Building the EyeFM Model
EyeFM is a multimodal vision-language foundation model pre-trained on a vast dataset: 14.5 million ocular images from five imaging modalities, paired with 0.4 million clinical texts from multiethnic sources. This pretraining enables the model to handle tasks like disease detection, lesion segmentation, and vision-language functions such as generating image reports or answering visual questions. A human-in-the-loop feature allows for clinician feedback to refine outputs, mimicking collaborative clinical workflows.

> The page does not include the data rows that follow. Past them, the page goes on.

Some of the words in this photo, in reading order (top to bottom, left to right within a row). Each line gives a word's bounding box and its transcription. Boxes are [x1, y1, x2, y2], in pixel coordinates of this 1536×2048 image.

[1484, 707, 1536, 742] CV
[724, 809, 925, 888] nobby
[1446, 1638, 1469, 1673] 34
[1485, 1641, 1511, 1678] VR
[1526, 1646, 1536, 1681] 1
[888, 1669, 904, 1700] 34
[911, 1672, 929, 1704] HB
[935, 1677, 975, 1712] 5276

Retrospective Performance Benchmarks
In initial validations using retrospective datasets, EyeFM demonstrated comparable or superior performance to existing models. For single-modality tasks, it achieved high accuracy in detecting common retinal diseases from CFP and OCT images. Cross-modality tests—using CFP to identify conditions typically requiring OCT—yielded promising results, with area under the curve (AUROC) scores around 0.883 for central-involved diabetic macular edema. Integrated-modality diagnostics, combining CFP and OCT, further improved accuracy. Vision-language tasks, including report generation, showed higher metrics than alternatives like LLaVA, with EyeFM producing more empathetic and clinically relevant responses in head-to-head comparisons.
Validating Efficacy in Clinical Settings
To assess real-world utility, researchers conducted multicountry reader studies with 44 ophthalmologists from North America, Europe, Asia, and Africa. Ophthalmologists using EyeFM as a copilot showed increased sensitivity for detecting referable diabetic retinopathy, glaucoma suspects, and AMD suspects from CFP, without compromising specificity. Time efficiency also improved, with reports taking less time to complete.

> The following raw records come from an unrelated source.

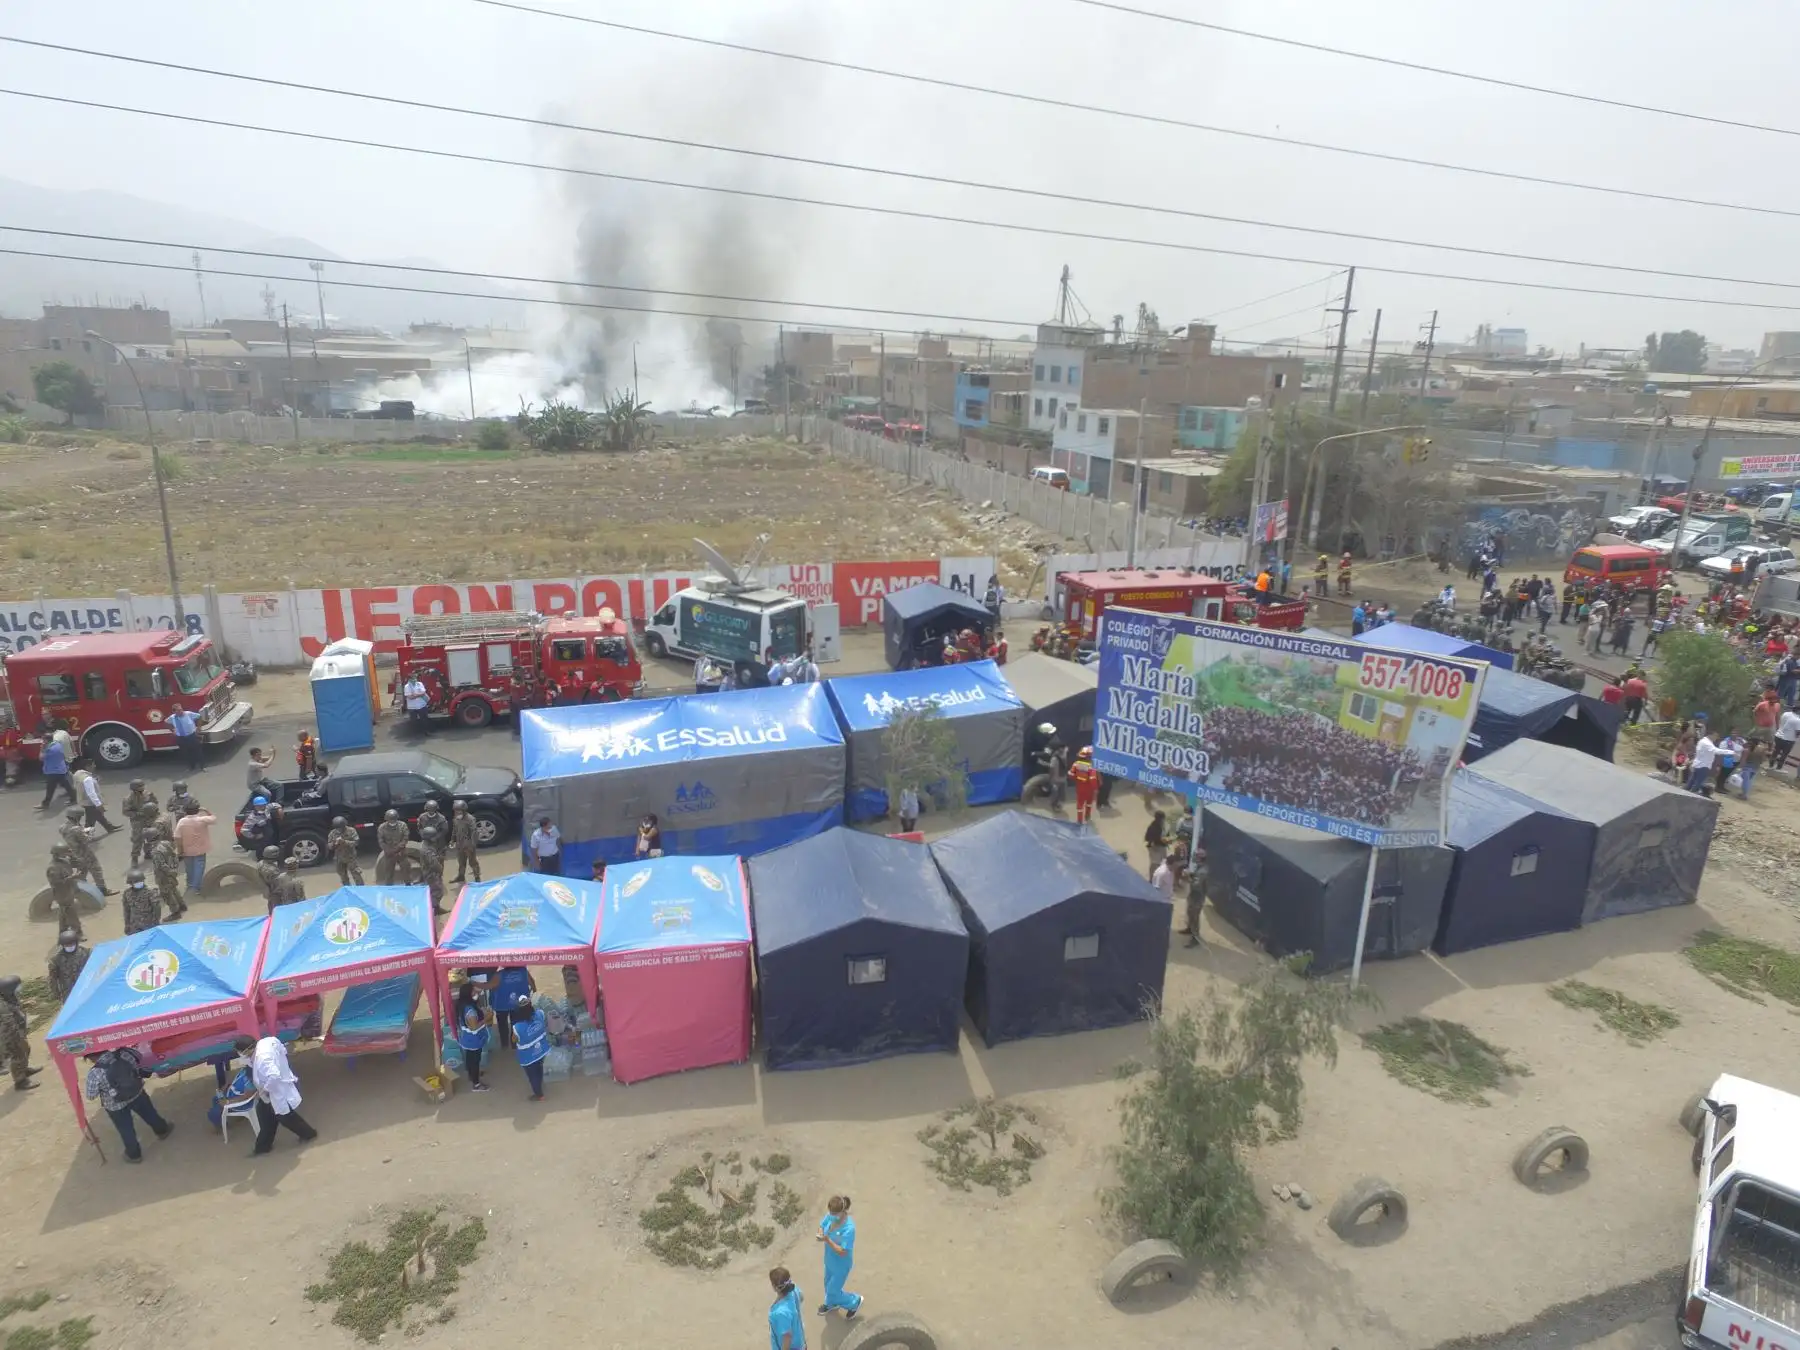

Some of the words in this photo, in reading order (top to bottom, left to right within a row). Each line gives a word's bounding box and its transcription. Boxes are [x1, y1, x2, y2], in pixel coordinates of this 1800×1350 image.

[0, 608, 123, 632] ALCALDE
[1108, 620, 1150, 637] COLEGIO
[1107, 635, 1149, 652] PRIVADO
[1194, 625, 1275, 648] FORMACIÓN
[1277, 638, 1351, 660] INTEGRAL
[1121, 654, 1195, 699] María
[1359, 652, 1464, 699] 557-1008
[1108, 687, 1204, 738] Medalla
[656, 722, 787, 751] EsSalud
[1097, 719, 1210, 775] Milagrosa
[1092, 758, 1128, 777] TEATRO
[1196, 787, 1239, 808] DANZAS
[1257, 802, 1318, 829] DEPORTES
[1374, 832, 1438, 846] INTENSIVO
[438, 954, 498, 964] SUBGERENCIA
[500, 954, 512, 963] DE
[513, 953, 541, 963] SALUD
[541, 953, 548, 961] Y
[549, 953, 585, 962] SANIDAD
[604, 958, 661, 971] SUBGERENCIA
[662, 954, 674, 965] DE
[674, 952, 701, 964] SALUD
[702, 952, 709, 961] Y
[709, 950, 745, 961] SANIDAD

A multicenter real-world study in primary and tertiary care centers reinforced these findings. Junior eyecare providers assisted by EyeFM exhibited higher diagnostic accuracy for common eye diseases, particularly in settings with limited OCT access.
Insights from the Randomized Controlled Trial
The study's centerpiece was a double-masked randomized controlled trial in China, focusing on fundus disease screening in a high-risk population (mean age 57.5 years, mostly male). Participants were allocated to ophthalmologists using EyeFM or standard care. Results indicated a higher correct diagnostic rate (92.2% versus 75.4%) and referral rate (92.2% versus 80.5%) in the intervention group. Secondary outcomes included improved standardization of clinical reports and greater patient compliance with self-management (70.1% versus 49.1%) and referral suggestions (33.7% versus 20.2%) at two-week follow-up. Participant satisfaction remained similar across groups.
Implications and the Path Forward
These encouraging results highlight EyeFM's potential to augment clinician performance, standardize care, and improve patient outcomes, especially in underserved areas. By facilitating cross-modality detection, the model could reduce reliance on expensive equipment, broadening access to quality eyecare.
However, limitations exist: the trial was single-center, focused on short-term outcomes, and did not measure long-term visual health. Further multicenter trials are needed to confirm generalizability and address ethical considerations in AI integration. As the field evolves, such phased validations provide a structured framework for translating foundation models into clinical practice.